Stored entries
........

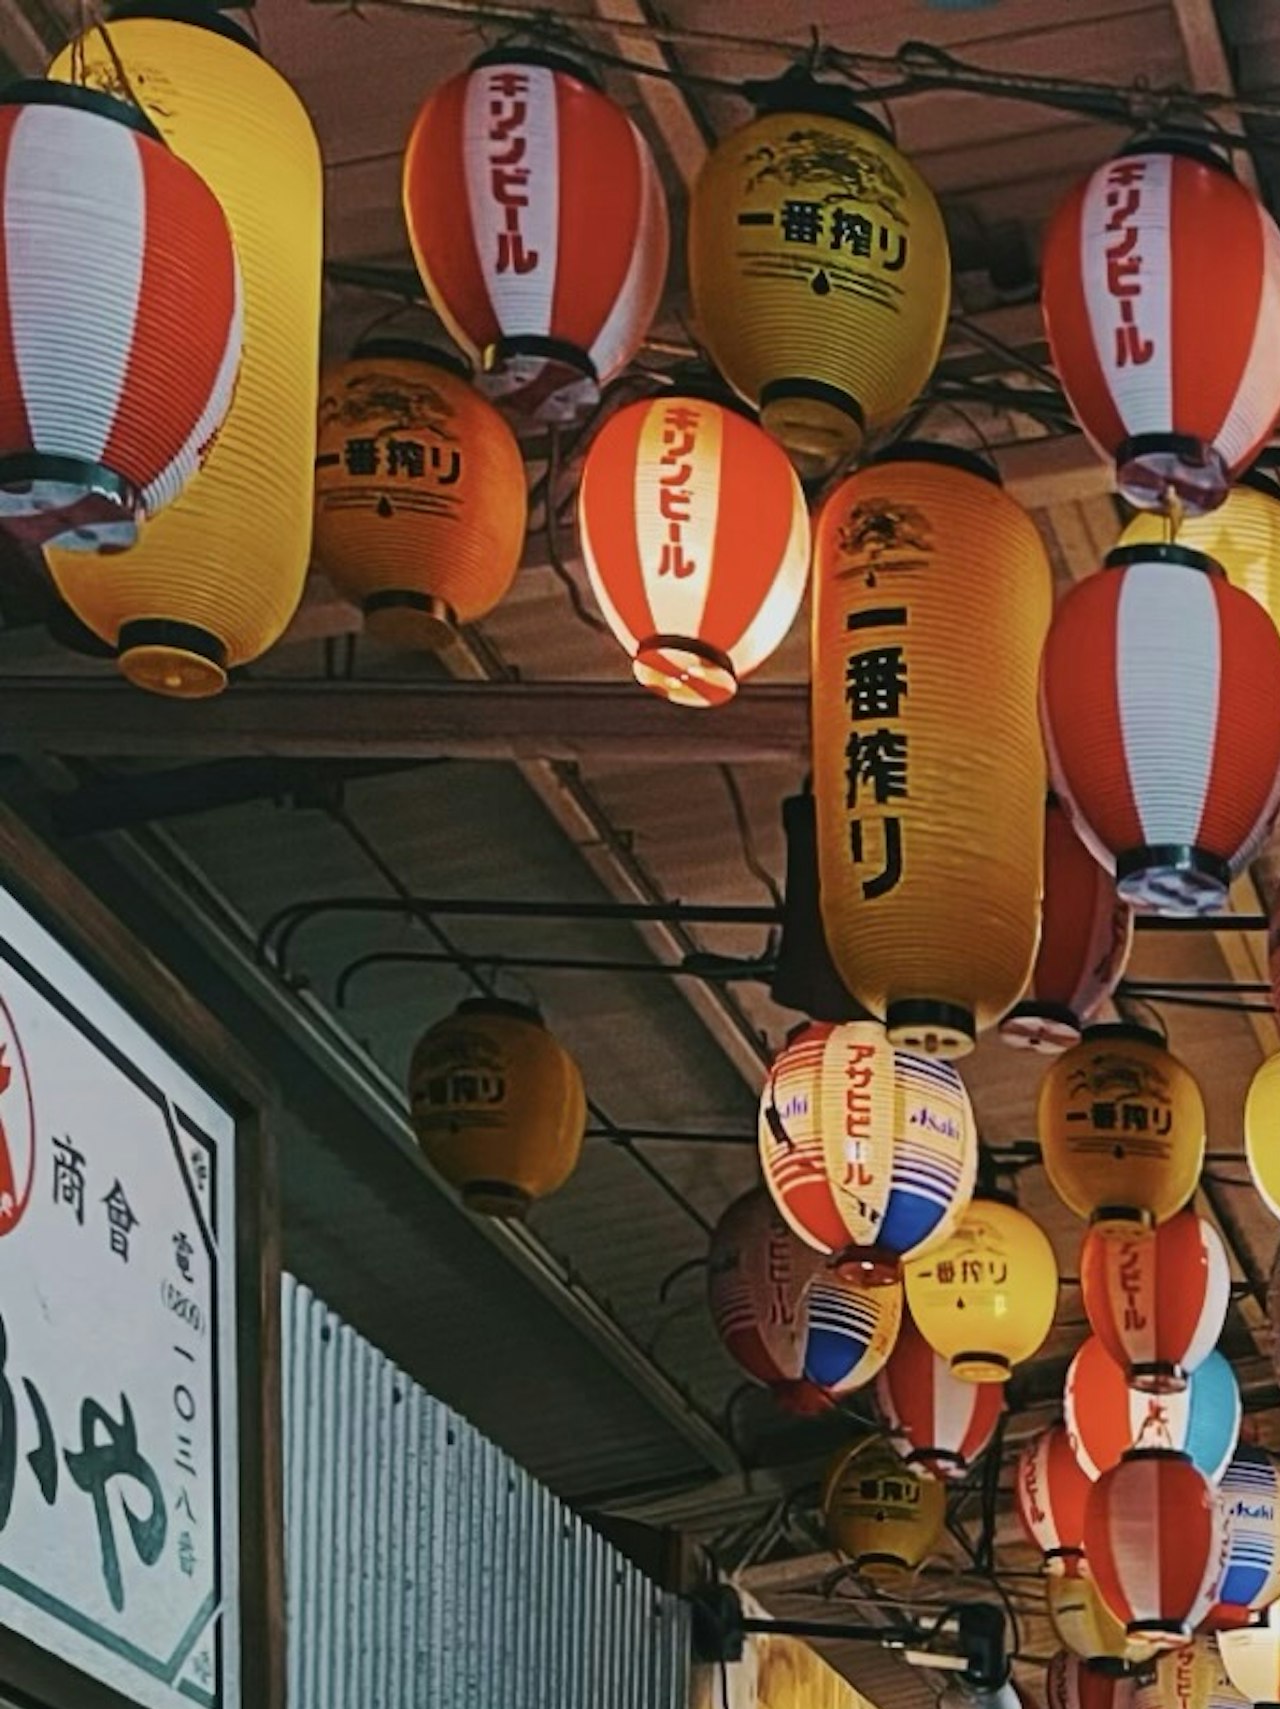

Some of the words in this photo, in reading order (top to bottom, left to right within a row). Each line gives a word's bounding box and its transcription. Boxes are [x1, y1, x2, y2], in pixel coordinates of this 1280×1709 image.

[490, 71, 538, 276] キリンビール
[737, 199, 908, 272] 一番搾り
[1105, 162, 1154, 367] キリンビール
[659, 404, 697, 579] キリンビール
[846, 607, 909, 900] 一番搾り
[842, 1044, 877, 1187] アサヒビール
[910, 1106, 962, 1143] Asahi
[1067, 1101, 1174, 1135] 一番搾り
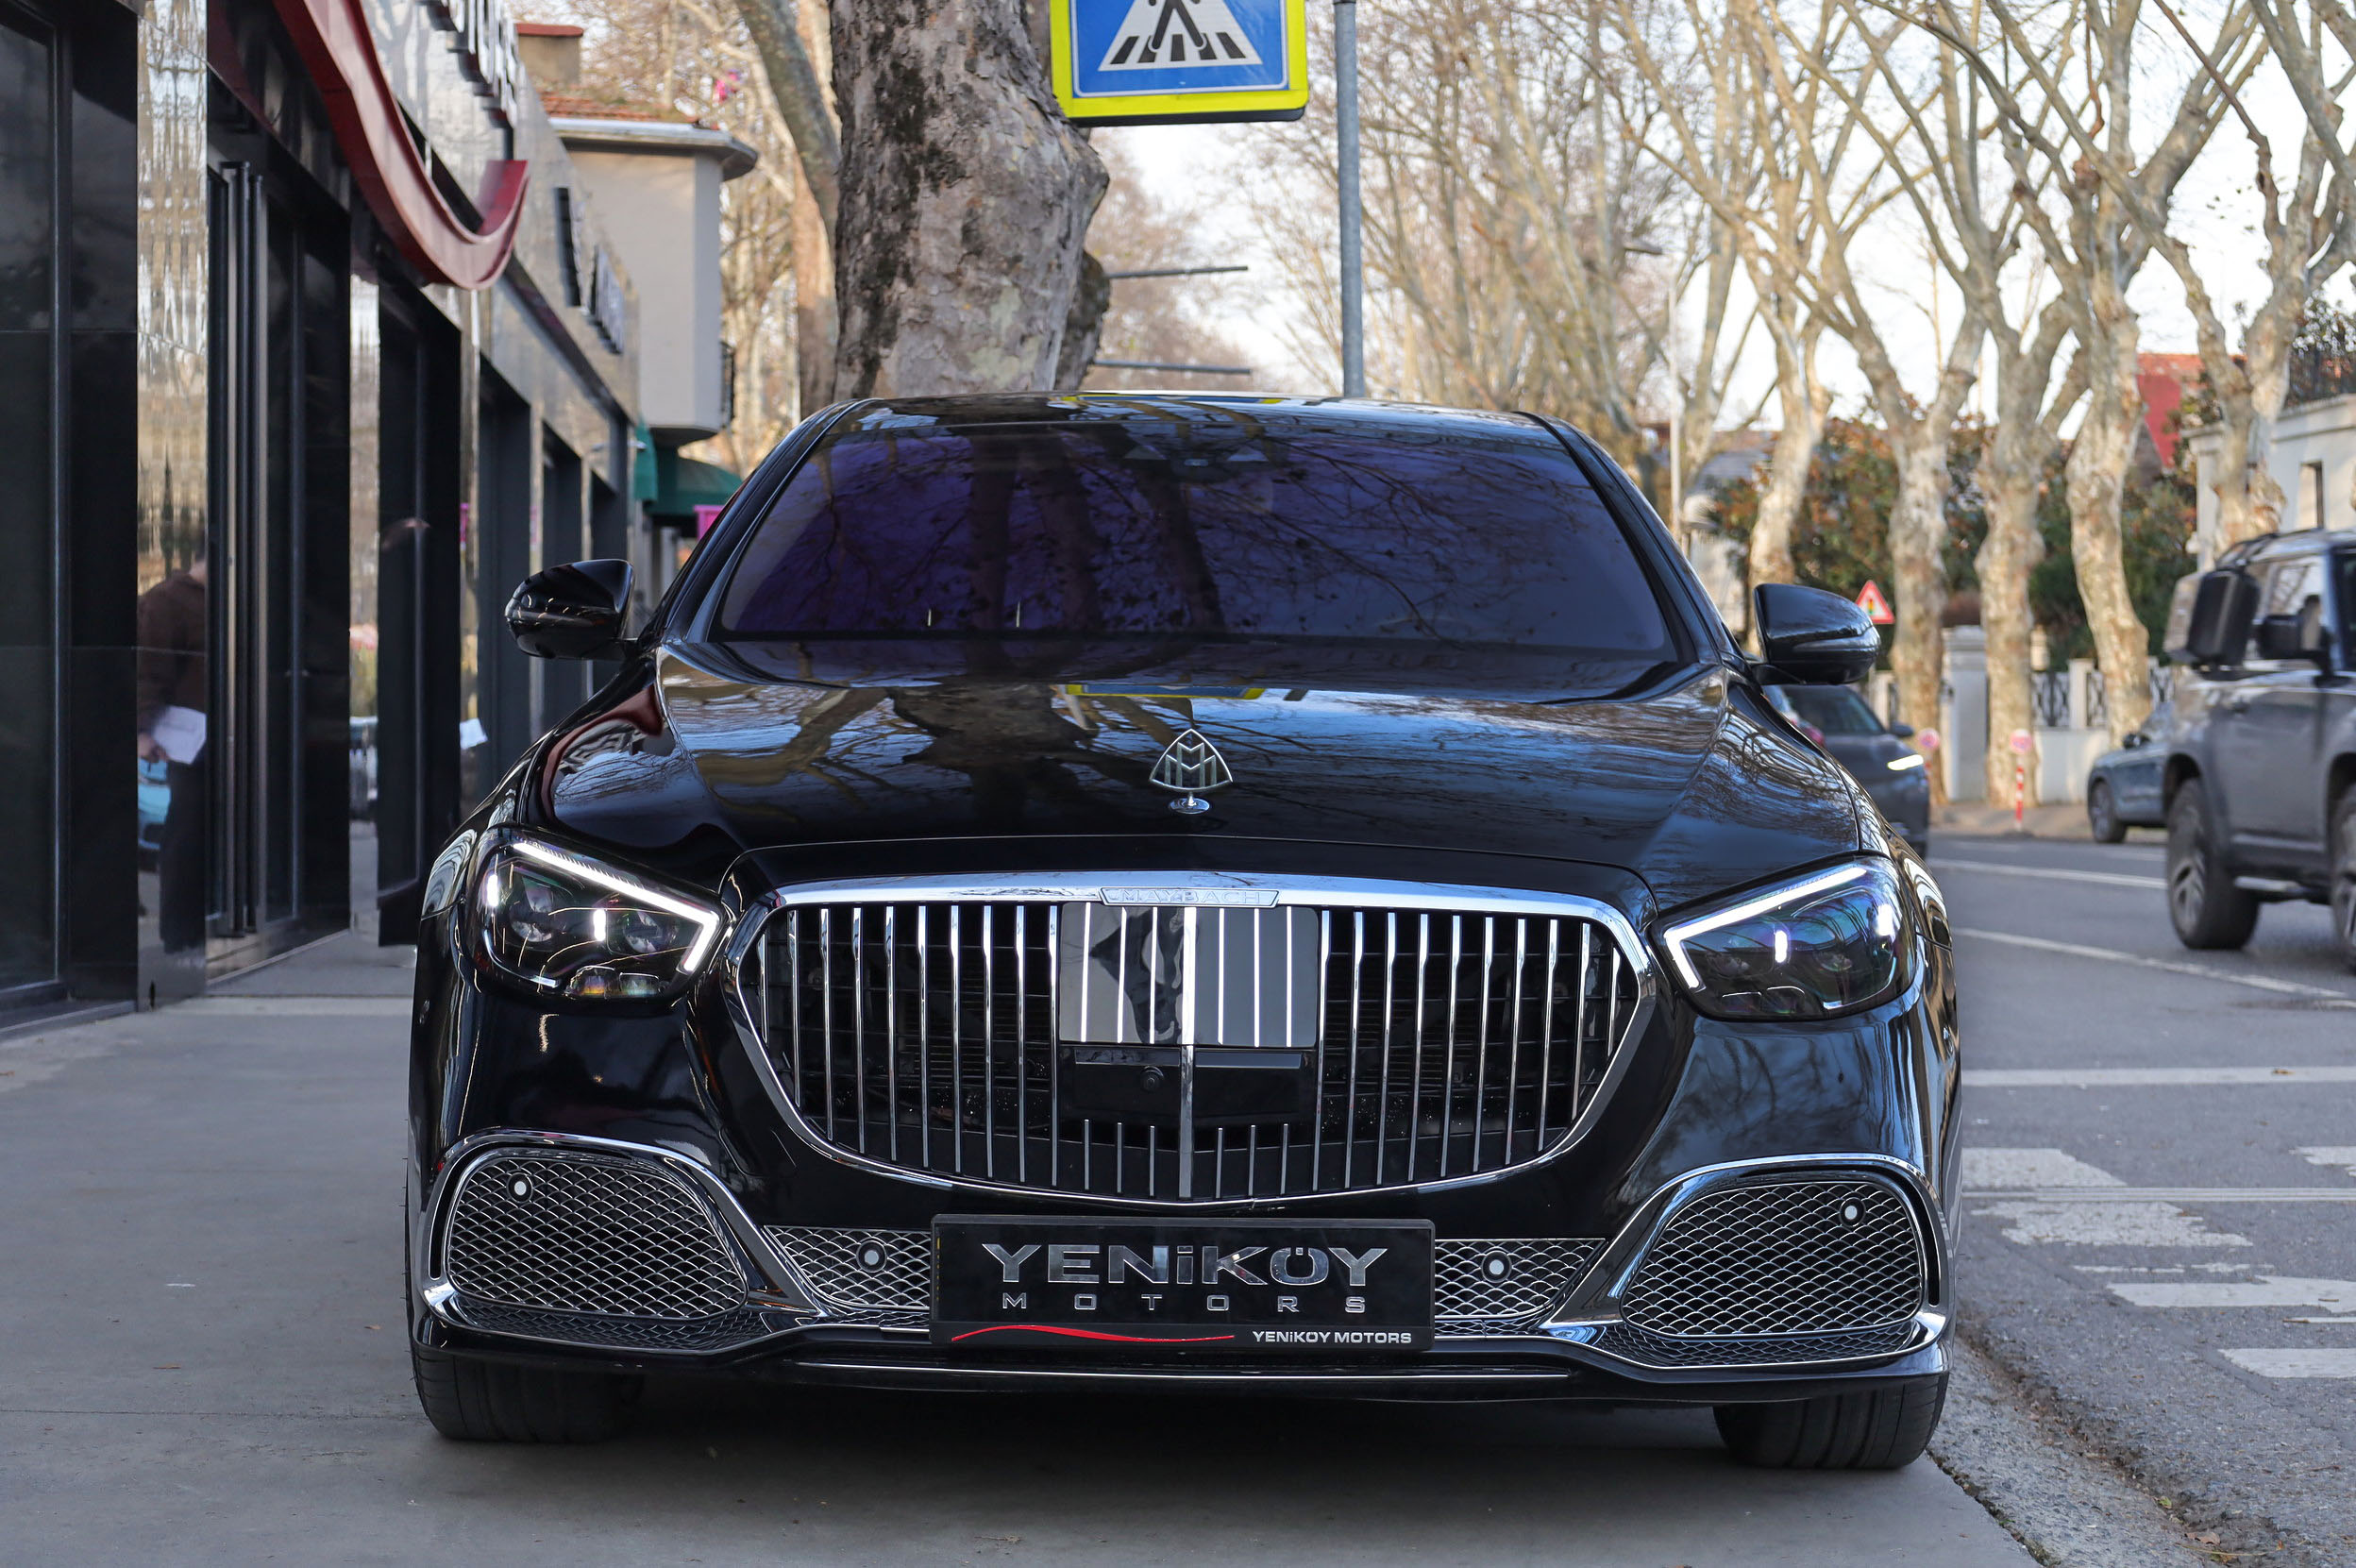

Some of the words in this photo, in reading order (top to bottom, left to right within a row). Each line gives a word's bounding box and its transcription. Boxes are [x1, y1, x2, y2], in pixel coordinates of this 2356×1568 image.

[1120, 889, 1260, 904] MAYBACH
[1002, 1292, 1366, 1313] MOTORS
[1334, 1332, 1412, 1343] MOTORS

........

◆ **Problem requirements**
All lines from the one with "this 2356×1568 image." through the end of the data must be repeated exactly, and nothing else may be repeated.

◆ **Exercise answer**
Some of the words in this photo, in reading order (top to bottom, left to right within a row). Each line gives a word's bounding box and its transcription. Boxes are [x1, y1, x2, y2], in pixel coordinates of this 2356×1568 image.

[1120, 889, 1260, 904] MAYBACH
[1002, 1292, 1366, 1313] MOTORS
[1334, 1332, 1412, 1343] MOTORS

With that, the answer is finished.